Saved data entries
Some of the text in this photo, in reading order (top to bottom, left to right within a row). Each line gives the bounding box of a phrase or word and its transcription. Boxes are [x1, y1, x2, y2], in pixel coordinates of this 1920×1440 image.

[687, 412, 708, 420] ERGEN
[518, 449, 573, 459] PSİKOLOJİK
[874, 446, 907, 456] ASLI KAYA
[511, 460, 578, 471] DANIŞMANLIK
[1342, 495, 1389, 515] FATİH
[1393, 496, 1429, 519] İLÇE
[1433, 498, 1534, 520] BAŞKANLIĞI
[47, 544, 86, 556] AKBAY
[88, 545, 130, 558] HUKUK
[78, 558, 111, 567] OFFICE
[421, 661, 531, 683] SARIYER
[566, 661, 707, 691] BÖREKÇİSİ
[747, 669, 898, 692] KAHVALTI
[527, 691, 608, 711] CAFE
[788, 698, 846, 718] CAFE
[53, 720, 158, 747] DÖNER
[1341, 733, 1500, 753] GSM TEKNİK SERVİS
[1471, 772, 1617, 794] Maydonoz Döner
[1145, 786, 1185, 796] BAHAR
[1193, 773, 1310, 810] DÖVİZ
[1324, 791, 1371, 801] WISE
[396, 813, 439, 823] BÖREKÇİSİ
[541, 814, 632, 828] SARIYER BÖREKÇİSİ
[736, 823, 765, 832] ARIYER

--

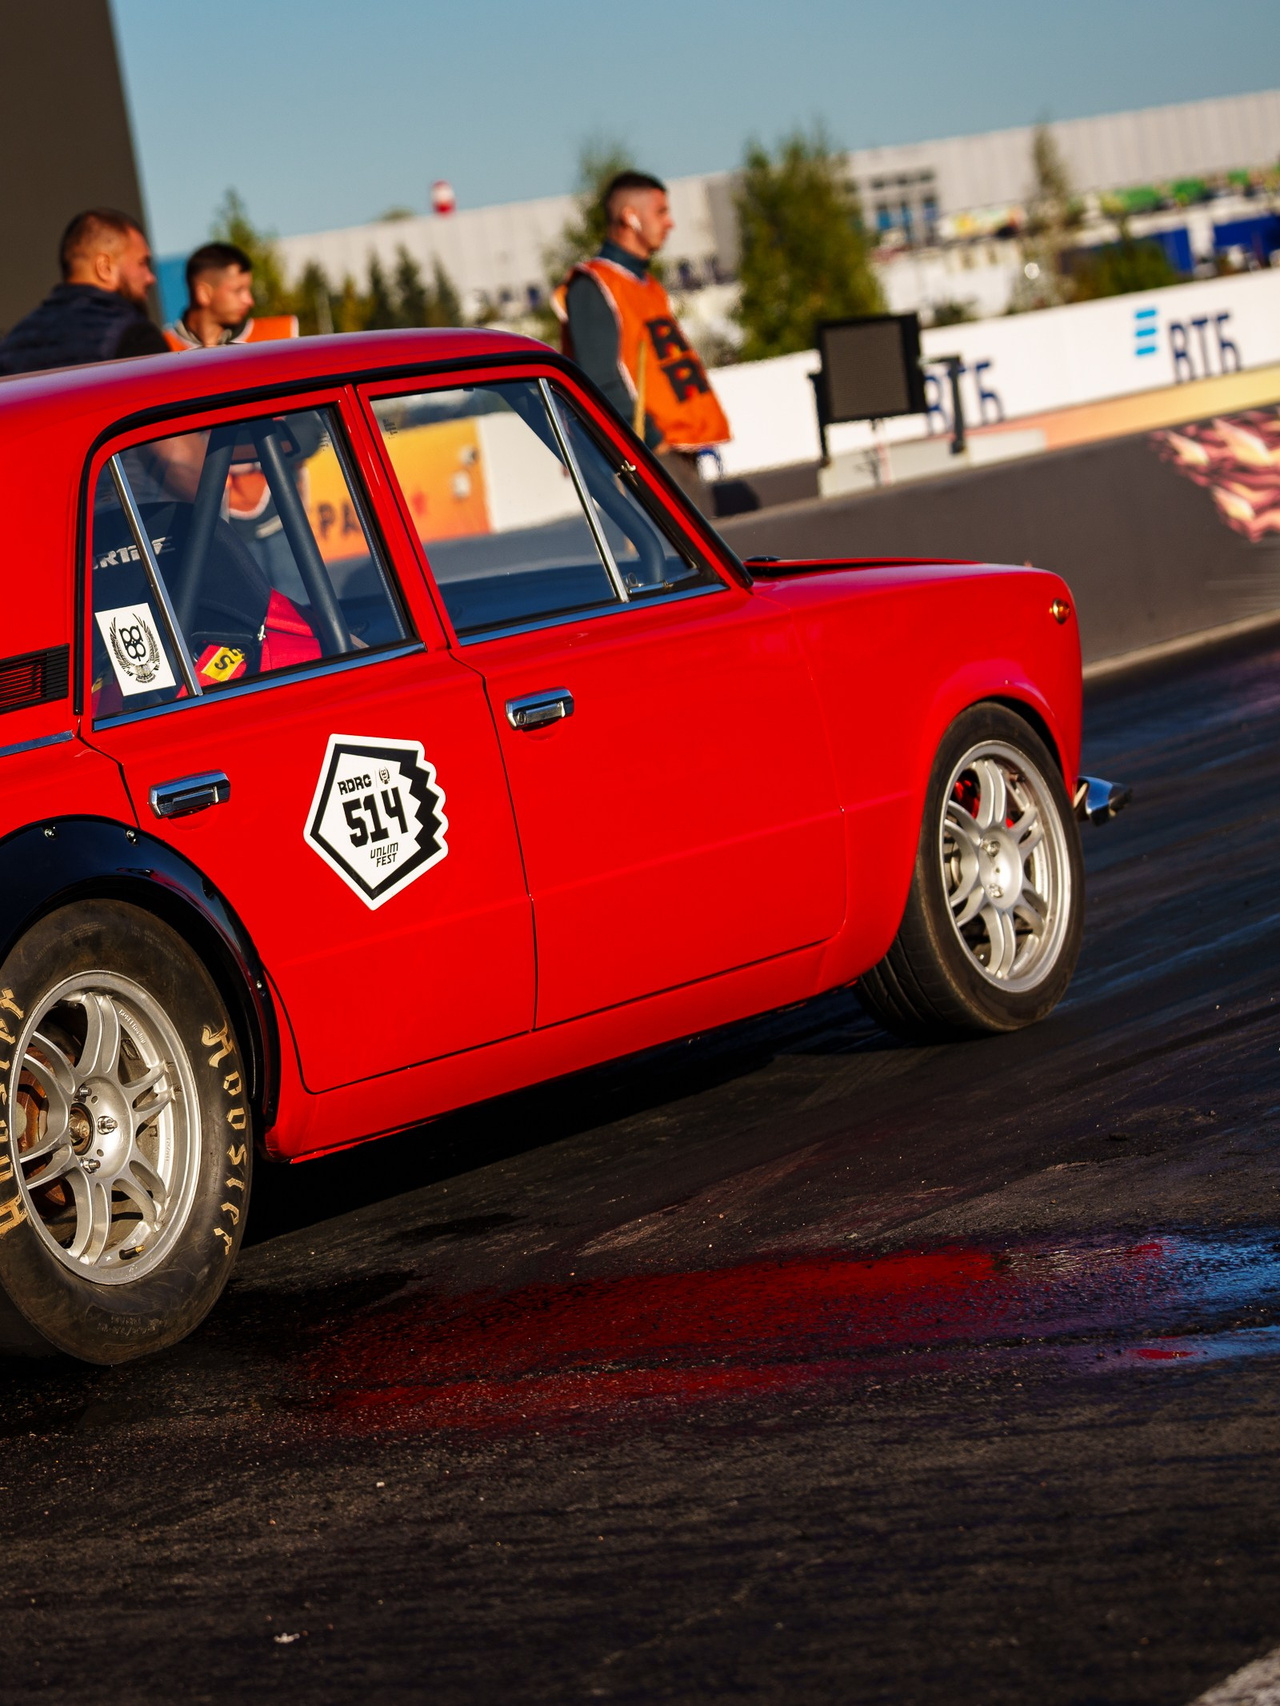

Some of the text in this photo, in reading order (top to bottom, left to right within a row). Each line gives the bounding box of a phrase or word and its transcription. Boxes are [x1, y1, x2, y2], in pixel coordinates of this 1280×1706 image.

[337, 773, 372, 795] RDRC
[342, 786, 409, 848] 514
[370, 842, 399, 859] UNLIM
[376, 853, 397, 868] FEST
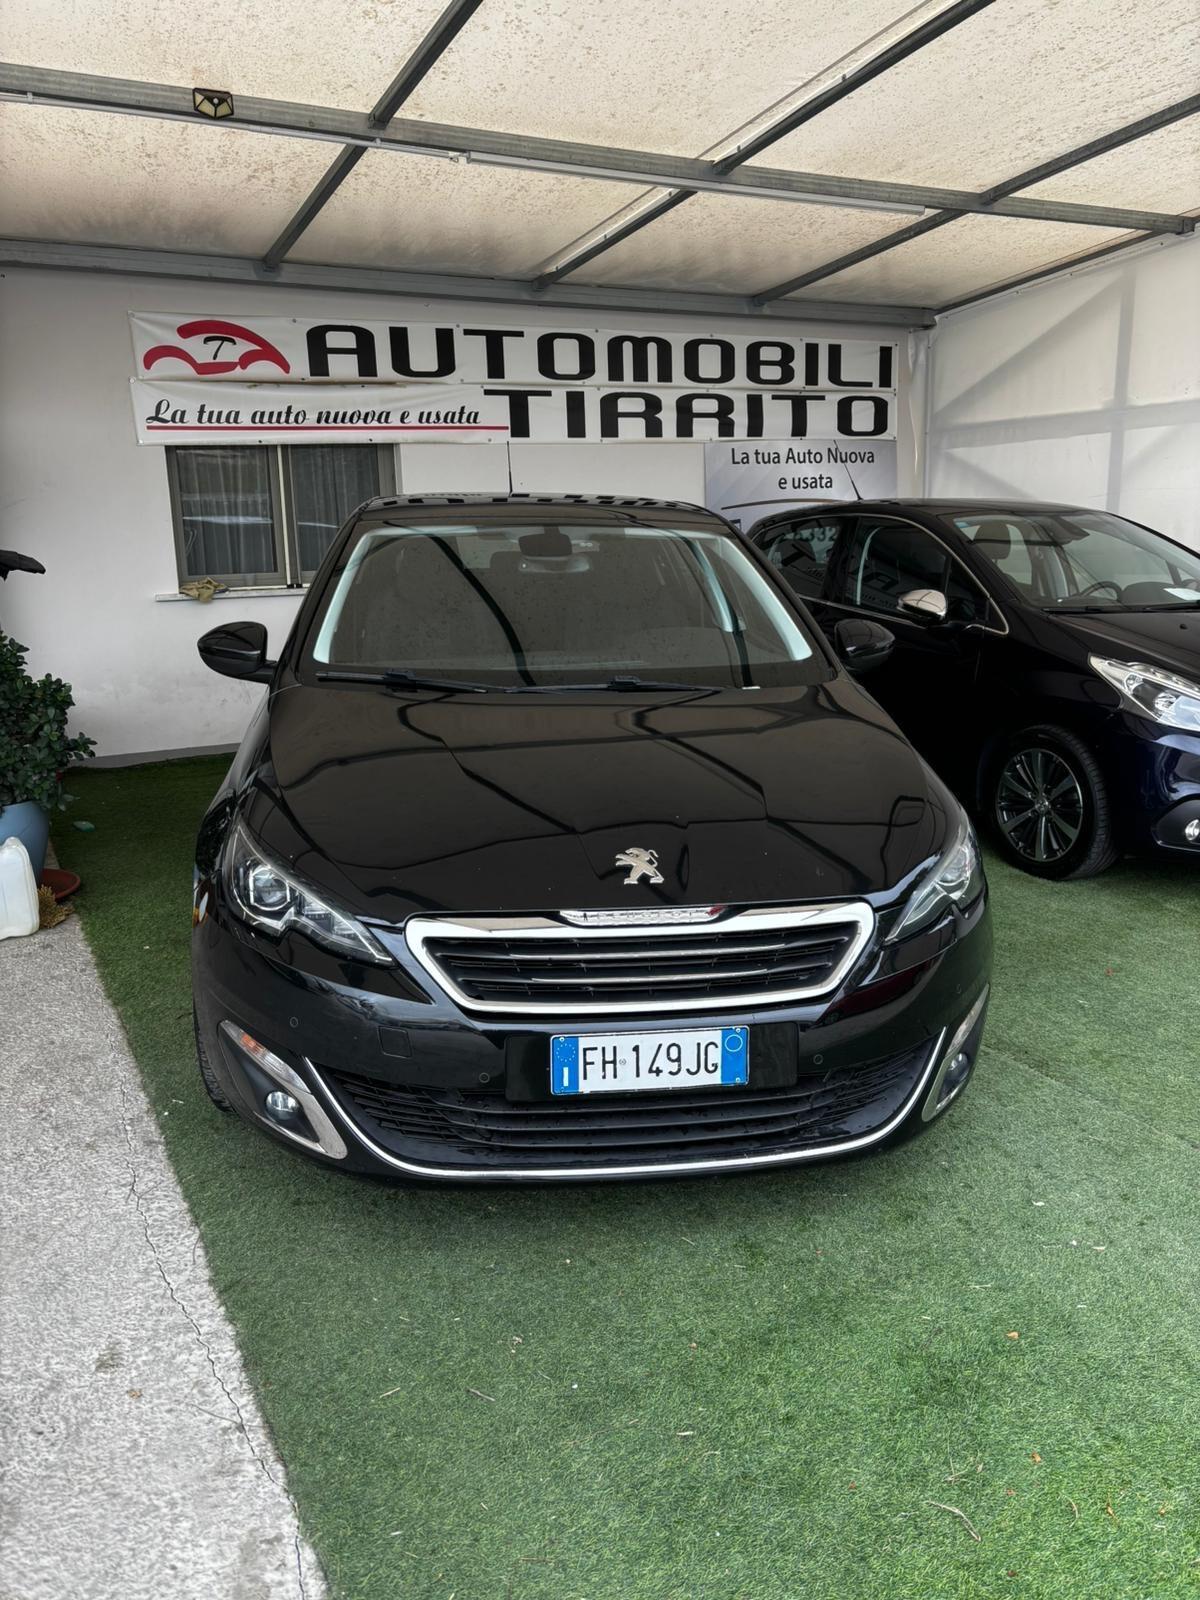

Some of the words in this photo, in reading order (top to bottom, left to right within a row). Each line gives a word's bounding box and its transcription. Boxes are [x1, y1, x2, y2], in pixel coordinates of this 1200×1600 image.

==

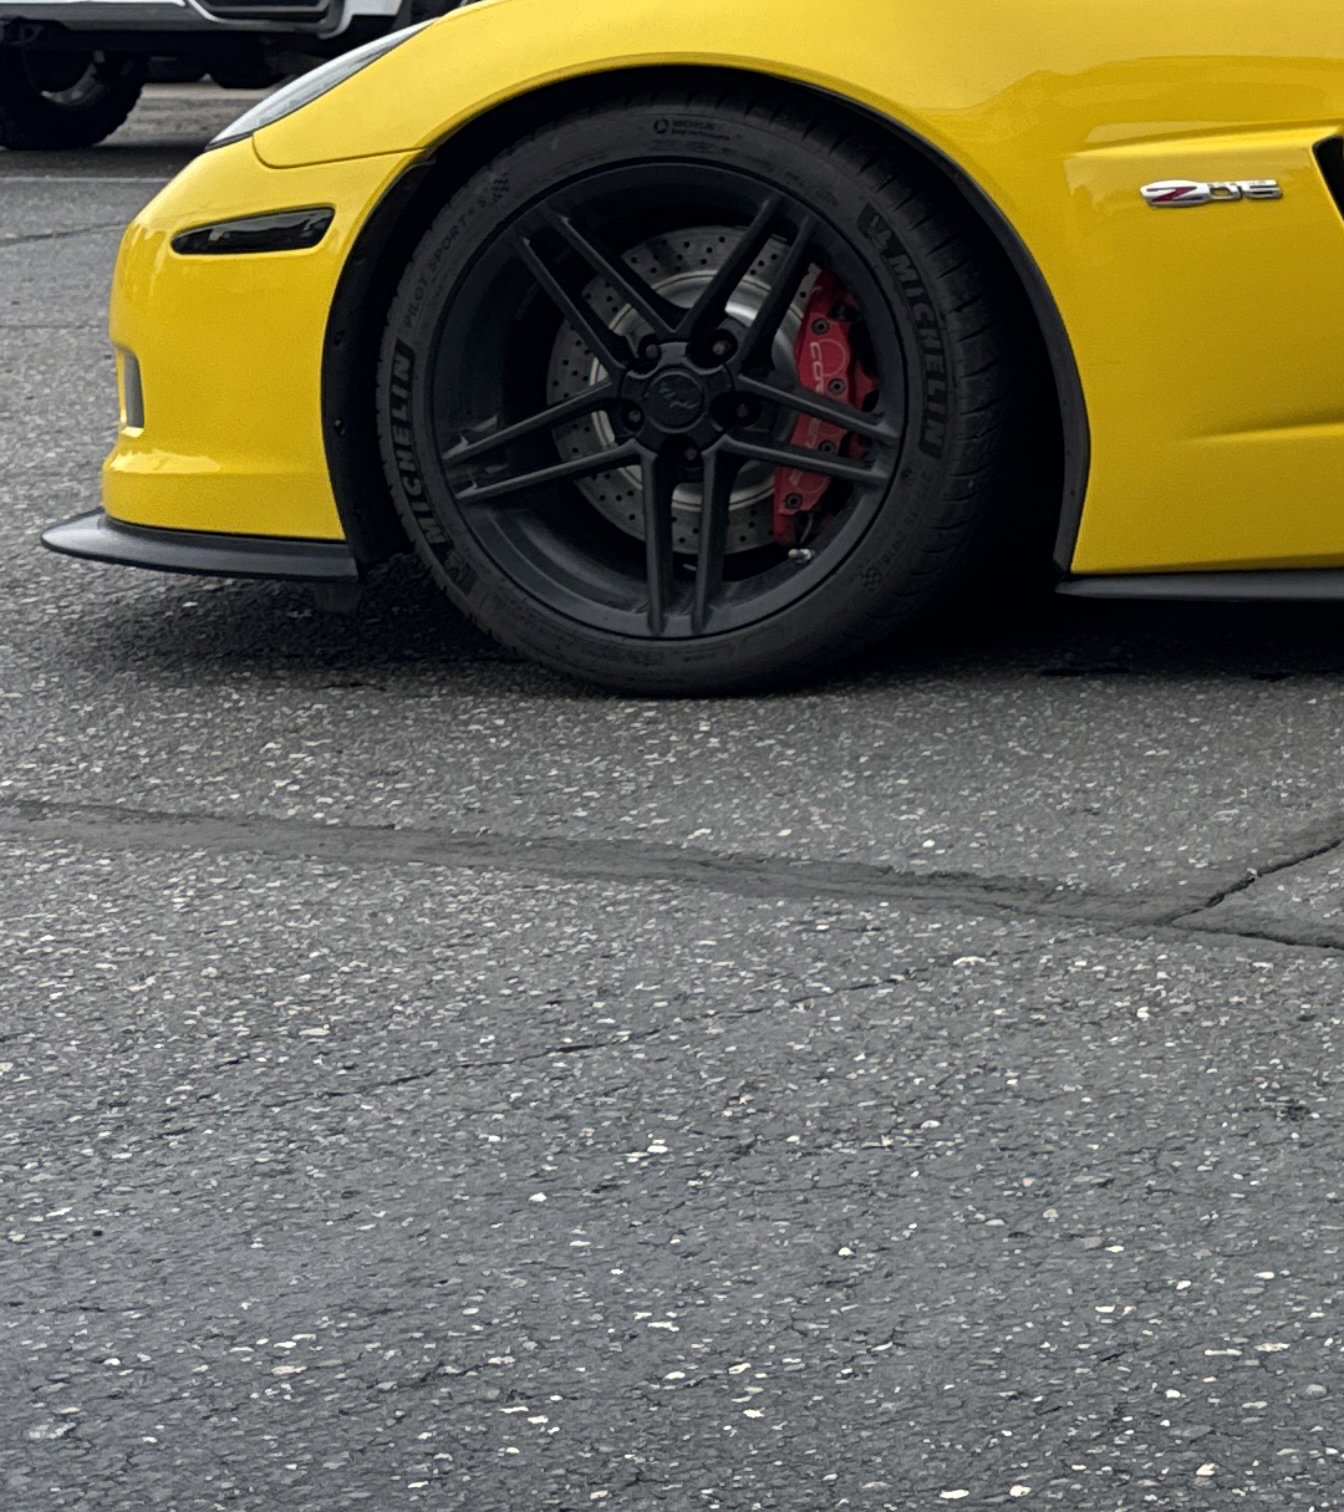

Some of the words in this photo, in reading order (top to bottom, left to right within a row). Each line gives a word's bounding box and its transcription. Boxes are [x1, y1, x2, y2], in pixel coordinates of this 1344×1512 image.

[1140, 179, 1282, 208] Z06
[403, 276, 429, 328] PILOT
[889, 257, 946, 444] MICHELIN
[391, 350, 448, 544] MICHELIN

TASK REQUIREMENTS — Please return the data above exactly as it stands from the line with "this 1280×1706 image." to the line with "this 1200×1600 image.", keeping both of those lines but none of the pictures.

ANSWER SPACE —
Some of the text in this photo, in reading order (top to bottom, left to right within a row). Each line gives the bounding box of a phrase or word and its transcription. Boxes are [x1, y1, x2, y2], in pixel coordinates of this 1280×1706 image.

[337, 773, 372, 795] RDRC
[342, 786, 409, 848] 514
[370, 842, 399, 859] UNLIM
[376, 853, 397, 868] FEST

Some of the words in this photo, in reading order (top to bottom, left to right within a row). Each line gives a word's bounding box and its transcription. Boxes are [x1, y1, x2, y2], in pixel coordinates of this 1200×1600 image.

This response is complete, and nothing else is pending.